Kephart delighted in the clan-like and suspicious-of-tourists tendencies of the mountaineers, . “He wanted to go to a place of which nothing was known,” the Asheville Citizen reported on April 3, 1931. “He wanted solitude.” 

Scribbling down the curious stories he heard and the mannerisms of the people he met, Kephart became the sole authority on the Southern Appalachian “mountaineers,” as he would call them. Kephart’s work, specifically “Our Southern Highlanders” (1913) romanticized the lives of the moonshiners and woodsmen, despite the torn socks and overalls covered in patches they wore.

Rather than a tombstone, Kephart’s marker is placed on a tombstone overlooking Bryson City, N.C. at the gateway of the Smoky Mountains he loved so dearly.

In W.N.C., Kephart also attained the rank of permanent scholar on camping in America, writing for most of the major outdoor magazines during a resurgence of interest in the great outdoors. Kephart inspired the next generation of outdoorsmen as the Boy Scouts of America was being founded. 

Great Smoky Mountains National Park 

It is quite difficult to understate the contributions of Kephart and his dear friend George Masa, a photographer from Asheville, in the creation of the Great Smoky Mountains National Park (GSMNP). Kephart fought ardently for the land to become a National Park rather than a member of the National Forest Service. This effort paid off, preventing the mountains from logging indefinitely.
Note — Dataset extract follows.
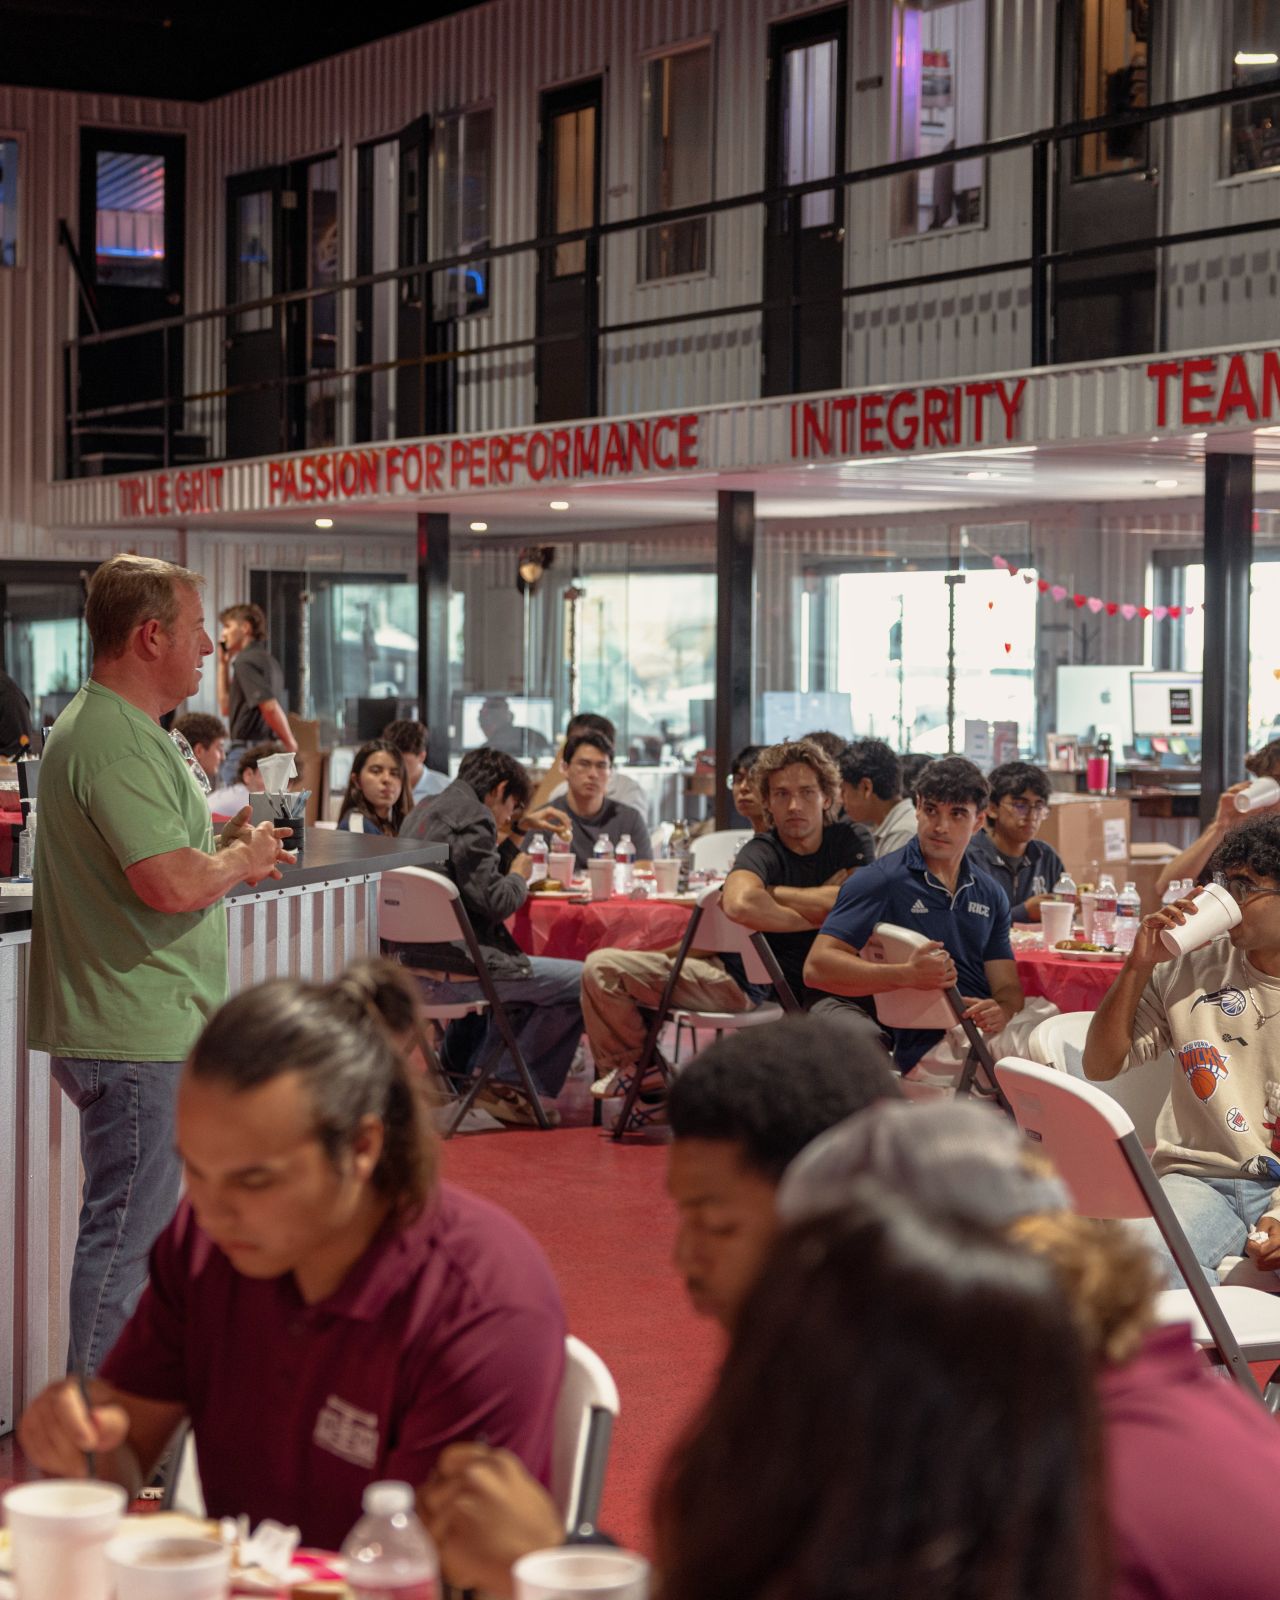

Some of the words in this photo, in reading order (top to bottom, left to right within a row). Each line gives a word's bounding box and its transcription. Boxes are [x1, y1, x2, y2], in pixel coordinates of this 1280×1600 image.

“When Representative Zebulon Weaver introduced a bill in Congress for the creation of the national park, it was accompanied by a letter from Mr. Kephart,” the Asheville Citizen reported on April 3, 1931. Furthermore, the Citizen wrote, GSMNP “probably wouldn’t be without the impetus furnished by the sincere and laborious effort of Horace Kephart.” A week later, on April 12, the newspaper called the writer the “Apostle Of Great Smokies.”

Beyond the work he did for GSMNP, Kephart assisted in planning the section of the Appalachian Trail where it crosses through Western North Carolina. 

Two friends reunited at last 

As petitioned by the residents of Bryson City to the National Geographic Society, the 6,217-foot Mount Kephart was the first mountain to be named for living person. On the peak’s shoulder is Masa Knob. 

Horace Sowers Kephart died in a car crash on April 2, 1931, near Ela, N.C. with Georgian author Fiswoode Tarelton. Distracted by a passing car’s headlights, the author’s cab driver narrowly survived the wreck. Kephart was thrown 40 feet from the vehicle and died on impact at the age of 68.

A memorial for George Masa, Kephart’s photographer best friend, next to his tombstone in Bryson City Cemetery. 

George Masa died bankrupt, unable to pay for his wish to be buried next to his friend, Kephart. In 2023, a century after Masa’s death, a group known as “Project Reunite” secured the funds to put a plaque next to Kephart’s grave commemorating Masa. A plaque for Kephart’s estranged wife, Laura, was also added.